Exercise brief. Each record is to be given again precisely as written.

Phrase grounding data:

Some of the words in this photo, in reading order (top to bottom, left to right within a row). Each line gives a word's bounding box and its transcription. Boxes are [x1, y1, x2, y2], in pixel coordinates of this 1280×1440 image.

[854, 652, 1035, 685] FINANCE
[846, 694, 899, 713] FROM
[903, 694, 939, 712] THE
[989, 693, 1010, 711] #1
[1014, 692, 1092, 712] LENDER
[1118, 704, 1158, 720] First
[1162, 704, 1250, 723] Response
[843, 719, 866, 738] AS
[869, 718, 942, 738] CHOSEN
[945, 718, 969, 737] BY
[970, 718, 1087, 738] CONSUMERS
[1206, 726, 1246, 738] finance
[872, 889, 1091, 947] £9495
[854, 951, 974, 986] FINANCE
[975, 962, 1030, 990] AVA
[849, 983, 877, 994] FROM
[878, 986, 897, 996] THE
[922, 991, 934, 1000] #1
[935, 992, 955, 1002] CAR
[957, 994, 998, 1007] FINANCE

Written response.
Some of the words in this photo, in reading order (top to bottom, left to right within a row). Each line gives a word's bounding box and its transcription. Boxes are [x1, y1, x2, y2], in pixel coordinates of this 1280×1440 image.

[854, 652, 1035, 685] FINANCE
[846, 694, 899, 713] FROM
[903, 694, 939, 712] THE
[989, 693, 1010, 711] #1
[1014, 692, 1092, 712] LENDER
[1118, 704, 1158, 720] First
[1162, 704, 1250, 723] Response
[843, 719, 866, 738] AS
[869, 718, 942, 738] CHOSEN
[945, 718, 969, 737] BY
[970, 718, 1087, 738] CONSUMERS
[1206, 726, 1246, 738] finance
[872, 889, 1091, 947] £9495
[854, 951, 974, 986] FINANCE
[975, 962, 1030, 990] AVA
[849, 983, 877, 994] FROM
[878, 986, 897, 996] THE
[922, 991, 934, 1000] #1
[935, 992, 955, 1002] CAR
[957, 994, 998, 1007] FINANCE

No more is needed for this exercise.